Perguntas importantes, implícitas, ou subentendidas: "O que eras antes do nascimento? Qual o lugar de onde tu vens? Que fazes, agora, para dar sentido à tua origem?". Importa não pararmos os questionamentos sobre o sentido da vida, desde o primeiro sopro. Conhecendo as nossas origens, os lugares existenciais desde o início, inevitavelmente, sabemos do nosso fim, nosso fim e quem somos realmente (“pois ele conhece a nossa origem, sabe que viemos do pó” - Sl 103.14). É preciso tomar uma nova consciência. Paulo sugerirá outra maneira, no sentido do mundo principial reiniciado: A fé é uma história nova a cada dia... (Rm 4.1-5).
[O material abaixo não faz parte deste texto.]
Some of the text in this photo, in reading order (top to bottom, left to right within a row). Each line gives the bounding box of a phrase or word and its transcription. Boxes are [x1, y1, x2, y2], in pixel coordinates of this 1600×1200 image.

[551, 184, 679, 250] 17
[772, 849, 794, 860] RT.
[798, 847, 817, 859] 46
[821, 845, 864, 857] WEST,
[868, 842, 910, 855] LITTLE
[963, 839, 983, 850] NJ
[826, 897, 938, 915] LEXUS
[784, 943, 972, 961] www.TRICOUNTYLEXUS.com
O diálogo com Nicodemos altera a lógica comum (Jo 3.1-11). Nicodemos respeita Jesus, mas se encontra dependente da primeira discussão: a fé que exige sinais; que produz portentos tecnológicos; que promove o desenvolvimento. Mas Jesus propõe uma mudança radical, não um novo conceito de renovação da fé. Não uma renovação, mas uma inovação: começar tudo do zero! Do nada. Desaprender o catecismo, chutar o balde, nascer de novo. Começar como um nascituro, abraçar uma natureza nova (natus, de natura, no latim). O tema se desloca para “razão” e “fé”. Nicodemos quer conversar logicamente, no uso da razão, do argumento e da prova, está em pauta a gnosis: conhecimento humano, tecnologias desenvolvimentistas.
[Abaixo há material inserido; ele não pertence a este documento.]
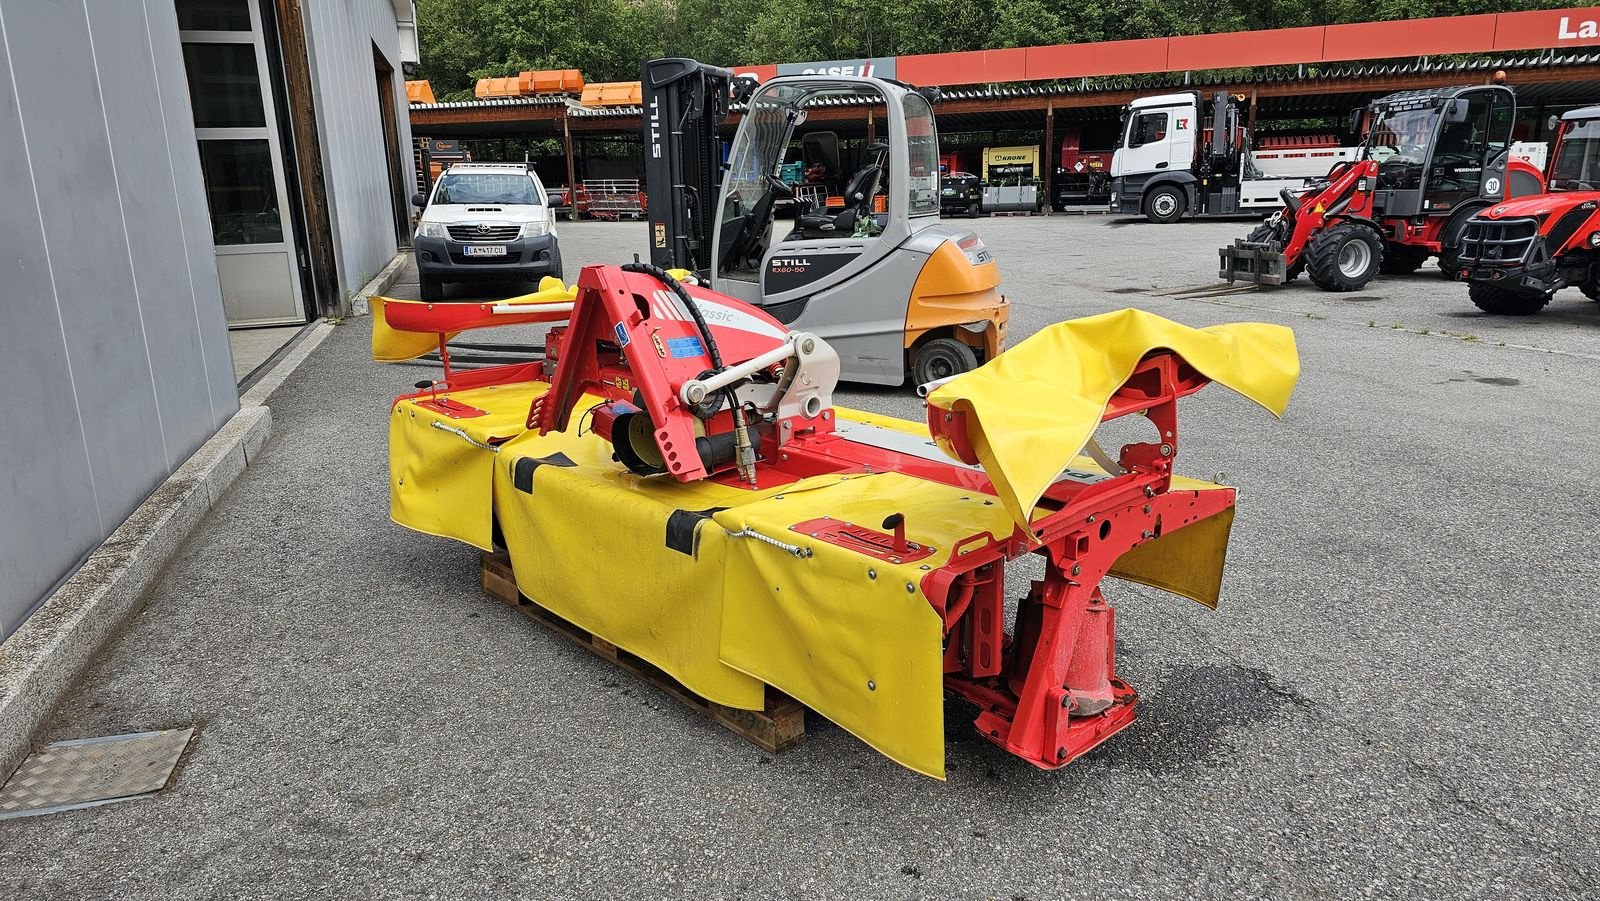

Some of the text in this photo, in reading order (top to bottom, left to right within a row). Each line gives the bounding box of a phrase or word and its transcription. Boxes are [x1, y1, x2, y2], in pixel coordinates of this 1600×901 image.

[1558, 16, 1600, 39] La
[650, 95, 661, 158] STILL
[1488, 181, 1498, 191] 30
[699, 303, 735, 322] lassic
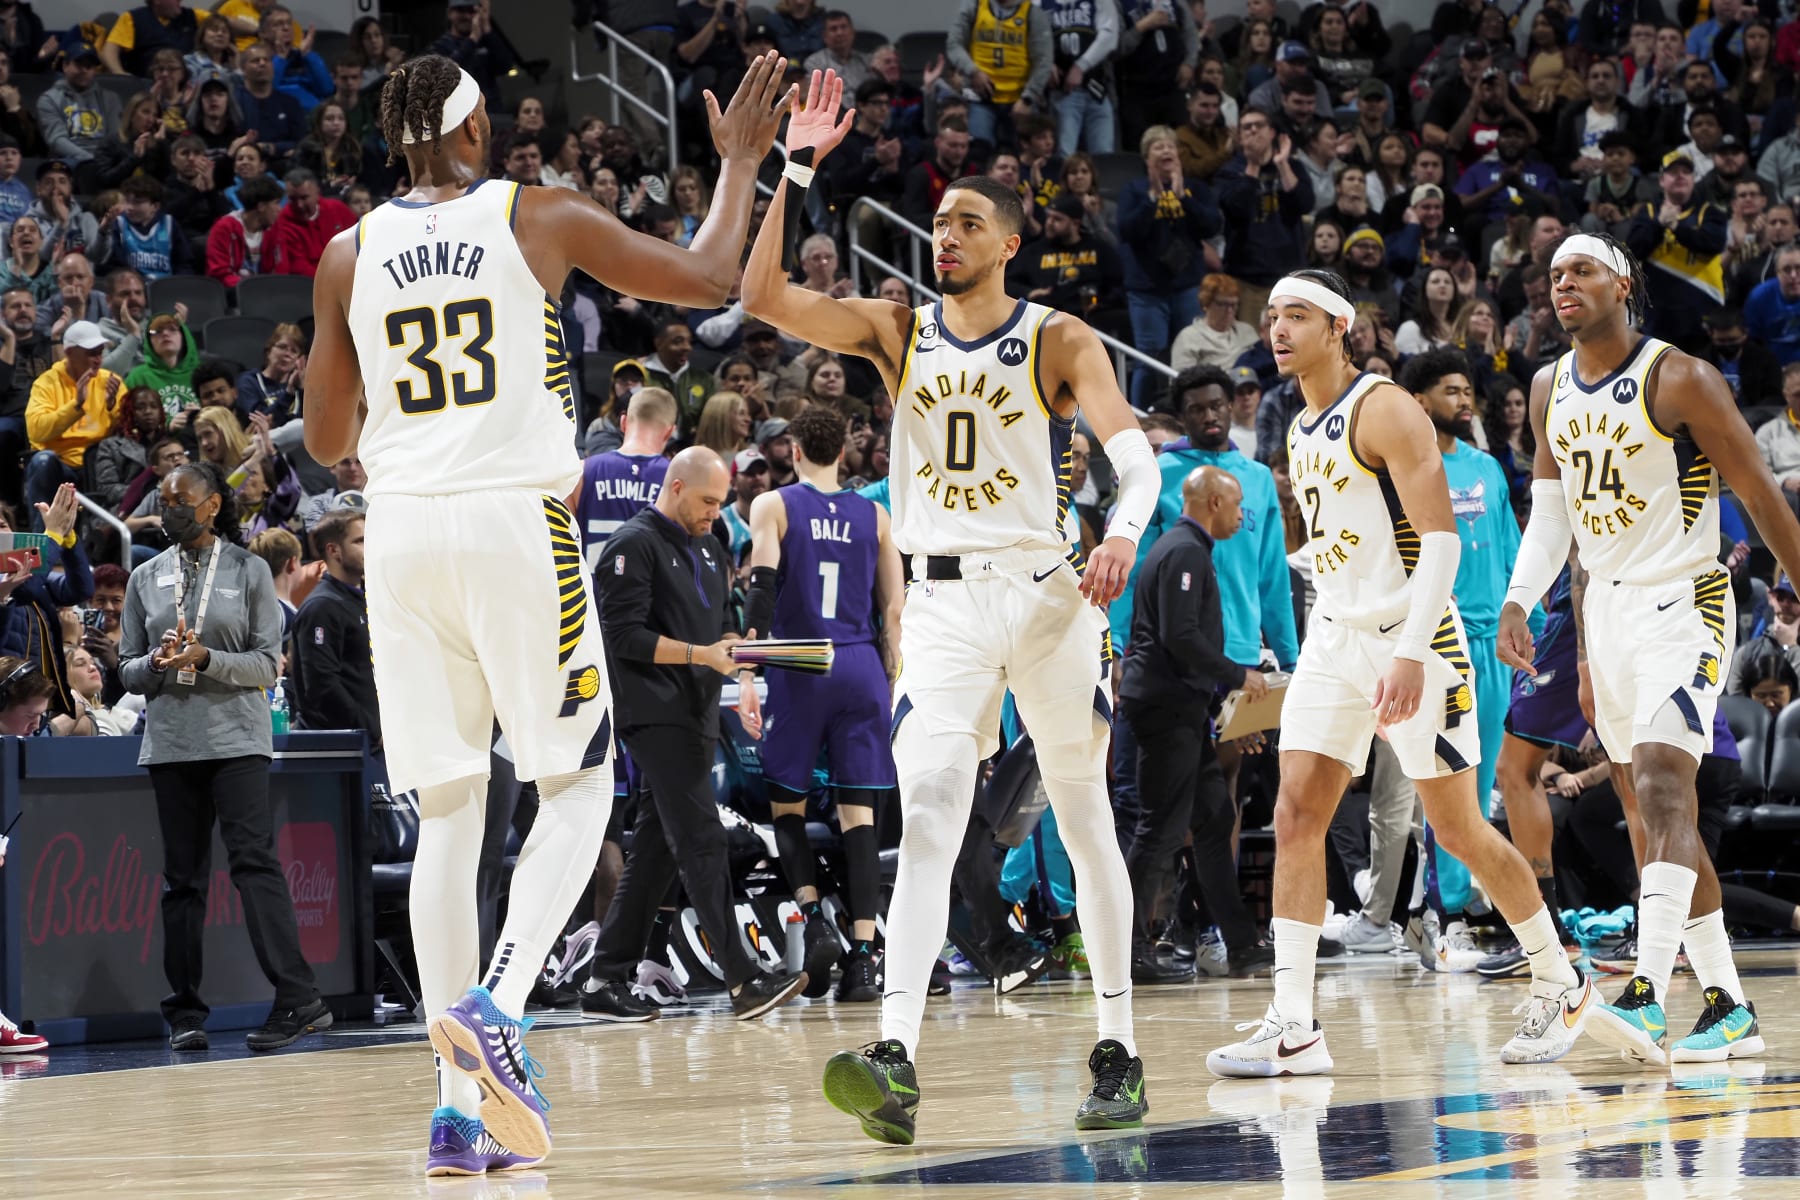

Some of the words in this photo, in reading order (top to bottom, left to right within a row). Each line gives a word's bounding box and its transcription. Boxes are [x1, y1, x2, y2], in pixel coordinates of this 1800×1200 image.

[382, 241, 485, 290] TURNER
[385, 296, 497, 417] 33
[912, 370, 1025, 430] INDIANA
[945, 411, 977, 472] 0
[1555, 413, 1644, 465] INDIANA
[595, 479, 664, 502] PLUMLE
[916, 461, 1020, 512] PACERS
[1291, 451, 1350, 495] DIANA
[1571, 449, 1625, 501] 24
[810, 518, 852, 544] BALL
[1305, 486, 1326, 540] 2
[1315, 528, 1360, 574] CERS
[818, 561, 840, 619] 1
[27, 831, 162, 965] Bally
[285, 860, 335, 913] Bally
Jesus responde rigorosamente à objeção de Nicodemos. Tão comum em tantas culturas: a água é fonte da vida. Água fecundada pelo Espírito, nos escritos bíblicos. O ventre materno, comum noutras culturas, na tradição bíblica, evocará a feminilidade criadora (rûah também é uma palavra feminina; o ventre criador de Deus tem atributos femininos e maternais). A Natureza não pode competir com o Homem, porém, serve-o como escrava desde todas as eras. A não ser quando as circunstâncias paleontológicas, geológicas, climáticas nos lembram das forças permanentes que atuam no Universo, não alcançáveis pela tecnologia ou pelo capital. Um maremoto causa o fechamento de uma usina nuclear, por exemplo, com esse fim.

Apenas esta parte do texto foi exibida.